UPDATE: Councilmember Herbold’s Town Hall, hour 2 – West Seattle Bridge


6:44 PM: Our coverage of West Seattle/South Park City Councilmember Lisa Herbold‘s Town Hall continues – we covered the first hour, on public safety, separately, and now it’s on to the second hour, about the West Seattle Bridge closure, in its seventh month. Really only 3/4 of an hour left, since the public-safety discussion ran long, and it’s starting with SDOT’s bridge project leader Heather Marx making a presentation. A lot of this covers ground we have covered repeatedly – including going all the way back to the March 23rd closure – so we’ll just note anything new that arises.

6:51 PM: Interesting datapoint, Marx mentions that the post-tensioning steel brackets being used as part of the stabilization were made at Vigor in the Portland area. And she reiterates that the Cost-Benefit Analysis is under way to shape the “repair or replace?” decision, which the Community Task Force will weigh in on, though if “replace” is the decision, the CBA does not include a final decision of HOW to replace it – that is the separate Type/Size/Location study.

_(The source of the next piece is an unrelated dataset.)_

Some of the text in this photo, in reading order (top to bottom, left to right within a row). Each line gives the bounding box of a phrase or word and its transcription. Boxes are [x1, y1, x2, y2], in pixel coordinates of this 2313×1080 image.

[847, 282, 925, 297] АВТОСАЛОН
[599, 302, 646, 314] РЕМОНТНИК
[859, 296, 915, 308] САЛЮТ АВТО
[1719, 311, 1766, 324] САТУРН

Marx says the mayor will “visit the Task Force to announce her decision and take questions.” (If that’s at a regular Task Force meeting, it wouldn’t be any sooner than October 21st, on the current schedule.)

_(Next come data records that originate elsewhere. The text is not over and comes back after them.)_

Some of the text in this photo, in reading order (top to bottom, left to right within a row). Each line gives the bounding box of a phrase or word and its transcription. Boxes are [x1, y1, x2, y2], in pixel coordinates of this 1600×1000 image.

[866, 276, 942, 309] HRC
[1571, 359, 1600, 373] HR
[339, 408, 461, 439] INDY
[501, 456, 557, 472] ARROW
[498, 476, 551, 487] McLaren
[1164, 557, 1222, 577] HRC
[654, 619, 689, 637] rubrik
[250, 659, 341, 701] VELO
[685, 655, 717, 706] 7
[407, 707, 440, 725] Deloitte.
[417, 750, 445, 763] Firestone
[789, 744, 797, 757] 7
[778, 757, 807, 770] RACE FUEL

6:58 PM: Now it’s on to Sara Zora, SDOT’s new “mobility manager” handling the Reconnect West Seattle traffic-mitigation program that’s part of the bridge project. She touches on the low bridge and its upcoming improvements, plus the evolving access policy, and the Community Task Force subcommittee that will work on it. She also had a bit of new information on what the enforcement cameras – pole-mounted – will look like. Then she moves on to West Marginal Way (see our recent story on the 6 planned/proposed changes). She reiterates that two of those changes – bike lane and freight lane – are still pending more “stakeholder engagement.”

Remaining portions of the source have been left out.